### AVAILABLE DATA
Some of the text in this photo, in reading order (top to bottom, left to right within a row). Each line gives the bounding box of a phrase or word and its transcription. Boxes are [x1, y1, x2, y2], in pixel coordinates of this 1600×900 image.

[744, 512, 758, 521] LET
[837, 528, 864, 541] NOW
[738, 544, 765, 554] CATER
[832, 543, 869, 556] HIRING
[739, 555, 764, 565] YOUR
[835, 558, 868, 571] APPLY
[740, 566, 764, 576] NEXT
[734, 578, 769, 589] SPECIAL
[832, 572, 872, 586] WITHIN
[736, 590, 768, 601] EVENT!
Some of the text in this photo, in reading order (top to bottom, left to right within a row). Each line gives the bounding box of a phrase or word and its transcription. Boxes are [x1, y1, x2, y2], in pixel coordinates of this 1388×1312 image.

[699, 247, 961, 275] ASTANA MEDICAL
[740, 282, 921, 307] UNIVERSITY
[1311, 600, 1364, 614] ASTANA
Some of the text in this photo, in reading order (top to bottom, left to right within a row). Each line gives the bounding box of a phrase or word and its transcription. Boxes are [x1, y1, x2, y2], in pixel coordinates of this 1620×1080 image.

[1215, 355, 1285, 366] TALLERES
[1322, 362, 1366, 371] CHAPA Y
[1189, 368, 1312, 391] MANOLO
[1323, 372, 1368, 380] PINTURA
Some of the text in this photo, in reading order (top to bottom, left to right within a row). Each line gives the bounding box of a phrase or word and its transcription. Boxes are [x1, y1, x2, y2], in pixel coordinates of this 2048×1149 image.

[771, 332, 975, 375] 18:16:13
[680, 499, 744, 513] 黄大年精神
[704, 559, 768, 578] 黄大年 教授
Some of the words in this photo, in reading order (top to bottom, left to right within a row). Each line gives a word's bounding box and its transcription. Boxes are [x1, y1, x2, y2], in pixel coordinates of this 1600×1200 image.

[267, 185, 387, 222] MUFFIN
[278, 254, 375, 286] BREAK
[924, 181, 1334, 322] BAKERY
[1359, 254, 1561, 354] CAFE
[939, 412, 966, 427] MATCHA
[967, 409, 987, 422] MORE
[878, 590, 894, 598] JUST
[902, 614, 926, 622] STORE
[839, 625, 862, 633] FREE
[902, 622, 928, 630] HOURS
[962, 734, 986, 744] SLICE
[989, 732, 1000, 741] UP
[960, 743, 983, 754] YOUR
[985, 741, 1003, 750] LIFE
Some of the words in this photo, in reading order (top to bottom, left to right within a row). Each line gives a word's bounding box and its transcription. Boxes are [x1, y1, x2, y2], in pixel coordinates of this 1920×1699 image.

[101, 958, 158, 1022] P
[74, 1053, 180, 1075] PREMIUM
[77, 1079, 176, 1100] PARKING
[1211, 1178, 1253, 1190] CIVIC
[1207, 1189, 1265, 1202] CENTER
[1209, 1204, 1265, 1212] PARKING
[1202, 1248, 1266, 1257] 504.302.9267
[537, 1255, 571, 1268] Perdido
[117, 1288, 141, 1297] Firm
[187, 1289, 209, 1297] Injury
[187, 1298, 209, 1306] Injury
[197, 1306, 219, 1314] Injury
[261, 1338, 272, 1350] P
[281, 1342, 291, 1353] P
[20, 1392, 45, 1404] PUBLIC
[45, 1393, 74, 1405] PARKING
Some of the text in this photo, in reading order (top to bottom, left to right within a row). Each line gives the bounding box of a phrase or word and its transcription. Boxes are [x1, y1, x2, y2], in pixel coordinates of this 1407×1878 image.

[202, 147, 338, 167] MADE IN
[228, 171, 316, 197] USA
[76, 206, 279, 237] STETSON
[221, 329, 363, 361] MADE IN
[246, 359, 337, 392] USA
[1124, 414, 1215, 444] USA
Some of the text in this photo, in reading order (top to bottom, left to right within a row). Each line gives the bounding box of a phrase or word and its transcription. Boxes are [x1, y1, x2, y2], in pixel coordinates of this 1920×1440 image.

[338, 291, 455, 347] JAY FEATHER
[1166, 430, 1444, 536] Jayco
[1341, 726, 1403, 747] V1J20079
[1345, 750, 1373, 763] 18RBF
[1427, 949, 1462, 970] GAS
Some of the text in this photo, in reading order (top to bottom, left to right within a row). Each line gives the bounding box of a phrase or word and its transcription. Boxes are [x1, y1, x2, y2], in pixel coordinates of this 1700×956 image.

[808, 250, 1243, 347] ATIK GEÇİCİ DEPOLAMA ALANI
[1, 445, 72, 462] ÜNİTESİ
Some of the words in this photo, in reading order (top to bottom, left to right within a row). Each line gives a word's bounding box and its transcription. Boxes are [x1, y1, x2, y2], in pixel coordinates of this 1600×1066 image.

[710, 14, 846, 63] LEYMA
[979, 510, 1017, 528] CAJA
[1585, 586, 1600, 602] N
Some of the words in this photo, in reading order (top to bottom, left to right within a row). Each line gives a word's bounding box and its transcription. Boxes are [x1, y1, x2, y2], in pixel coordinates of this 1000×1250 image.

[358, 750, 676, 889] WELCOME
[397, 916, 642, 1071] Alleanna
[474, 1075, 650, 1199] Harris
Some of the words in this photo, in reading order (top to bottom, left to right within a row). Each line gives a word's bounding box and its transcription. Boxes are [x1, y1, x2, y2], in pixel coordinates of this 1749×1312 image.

### HOW TO COMPLETE THIS TASK
For each record in the listing, output it again exactly.

### THE COMPLETED TASK
Some of the text in this photo, in reading order (top to bottom, left to right within a row). Each line gives the bounding box of a phrase or word and its transcription. Boxes are [x1, y1, x2, y2], in pixel coordinates of this 1600×900 image.

[744, 512, 758, 521] LET
[837, 528, 864, 541] NOW
[738, 544, 765, 554] CATER
[832, 543, 869, 556] HIRING
[739, 555, 764, 565] YOUR
[835, 558, 868, 571] APPLY
[740, 566, 764, 576] NEXT
[734, 578, 769, 589] SPECIAL
[832, 572, 872, 586] WITHIN
[736, 590, 768, 601] EVENT!
Some of the text in this photo, in reading order (top to bottom, left to right within a row). Each line gives the bounding box of a phrase or word and its transcription. Boxes are [x1, y1, x2, y2], in pixel coordinates of this 1388×1312 image.

[699, 247, 961, 275] ASTANA MEDICAL
[740, 282, 921, 307] UNIVERSITY
[1311, 600, 1364, 614] ASTANA
Some of the text in this photo, in reading order (top to bottom, left to right within a row). Each line gives the bounding box of a phrase or word and its transcription. Boxes are [x1, y1, x2, y2], in pixel coordinates of this 1620×1080 image.

[1215, 355, 1285, 366] TALLERES
[1322, 362, 1366, 371] CHAPA Y
[1189, 368, 1312, 391] MANOLO
[1323, 372, 1368, 380] PINTURA
Some of the text in this photo, in reading order (top to bottom, left to right within a row). Each line gives the bounding box of a phrase or word and its transcription. Boxes are [x1, y1, x2, y2], in pixel coordinates of this 2048×1149 image.

[771, 332, 975, 375] 18:16:13
[680, 499, 744, 513] 黄大年精神
[704, 559, 768, 578] 黄大年 教授
Some of the words in this photo, in reading order (top to bottom, left to right within a row). Each line gives a word's bounding box and its transcription. Boxes are [x1, y1, x2, y2], in pixel coordinates of this 1600×1200 image.

[267, 185, 387, 222] MUFFIN
[278, 254, 375, 286] BREAK
[924, 181, 1334, 322] BAKERY
[1359, 254, 1561, 354] CAFE
[939, 412, 966, 427] MATCHA
[967, 409, 987, 422] MORE
[878, 590, 894, 598] JUST
[902, 614, 926, 622] STORE
[839, 625, 862, 633] FREE
[902, 622, 928, 630] HOURS
[962, 734, 986, 744] SLICE
[989, 732, 1000, 741] UP
[960, 743, 983, 754] YOUR
[985, 741, 1003, 750] LIFE
Some of the words in this photo, in reading order (top to bottom, left to right within a row). Each line gives a word's bounding box and its transcription. Boxes are [x1, y1, x2, y2], in pixel coordinates of this 1920×1699 image.

[101, 958, 158, 1022] P
[74, 1053, 180, 1075] PREMIUM
[77, 1079, 176, 1100] PARKING
[1211, 1178, 1253, 1190] CIVIC
[1207, 1189, 1265, 1202] CENTER
[1209, 1204, 1265, 1212] PARKING
[1202, 1248, 1266, 1257] 504.302.9267
[537, 1255, 571, 1268] Perdido
[117, 1288, 141, 1297] Firm
[187, 1289, 209, 1297] Injury
[187, 1298, 209, 1306] Injury
[197, 1306, 219, 1314] Injury
[261, 1338, 272, 1350] P
[281, 1342, 291, 1353] P
[20, 1392, 45, 1404] PUBLIC
[45, 1393, 74, 1405] PARKING
Some of the text in this photo, in reading order (top to bottom, left to right within a row). Each line gives the bounding box of a phrase or word and its transcription. Boxes are [x1, y1, x2, y2], in pixel coordinates of this 1407×1878 image.

[202, 147, 338, 167] MADE IN
[228, 171, 316, 197] USA
[76, 206, 279, 237] STETSON
[221, 329, 363, 361] MADE IN
[246, 359, 337, 392] USA
[1124, 414, 1215, 444] USA
Some of the text in this photo, in reading order (top to bottom, left to right within a row). Each line gives the bounding box of a phrase or word and its transcription. Boxes are [x1, y1, x2, y2], in pixel coordinates of this 1920×1440 image.

[338, 291, 455, 347] JAY FEATHER
[1166, 430, 1444, 536] Jayco
[1341, 726, 1403, 747] V1J20079
[1345, 750, 1373, 763] 18RBF
[1427, 949, 1462, 970] GAS
Some of the text in this photo, in reading order (top to bottom, left to right within a row). Each line gives the bounding box of a phrase or word and its transcription. Boxes are [x1, y1, x2, y2], in pixel coordinates of this 1700×956 image.

[808, 250, 1243, 347] ATIK GEÇİCİ DEPOLAMA ALANI
[1, 445, 72, 462] ÜNİTESİ
Some of the words in this photo, in reading order (top to bottom, left to right within a row). Each line gives a word's bounding box and its transcription. Boxes are [x1, y1, x2, y2], in pixel coordinates of this 1600×1066 image.

[710, 14, 846, 63] LEYMA
[979, 510, 1017, 528] CAJA
[1585, 586, 1600, 602] N
Some of the words in this photo, in reading order (top to bottom, left to right within a row). Each line gives a word's bounding box and its transcription. Boxes are [x1, y1, x2, y2], in pixel coordinates of this 1000×1250 image.

[358, 750, 676, 889] WELCOME
[397, 916, 642, 1071] Alleanna
[474, 1075, 650, 1199] Harris
Some of the words in this photo, in reading order (top to bottom, left to right within a row). Each line gives a word's bounding box and its transcription. Boxes are [x1, y1, x2, y2], in pixel coordinates of this 1749×1312 image.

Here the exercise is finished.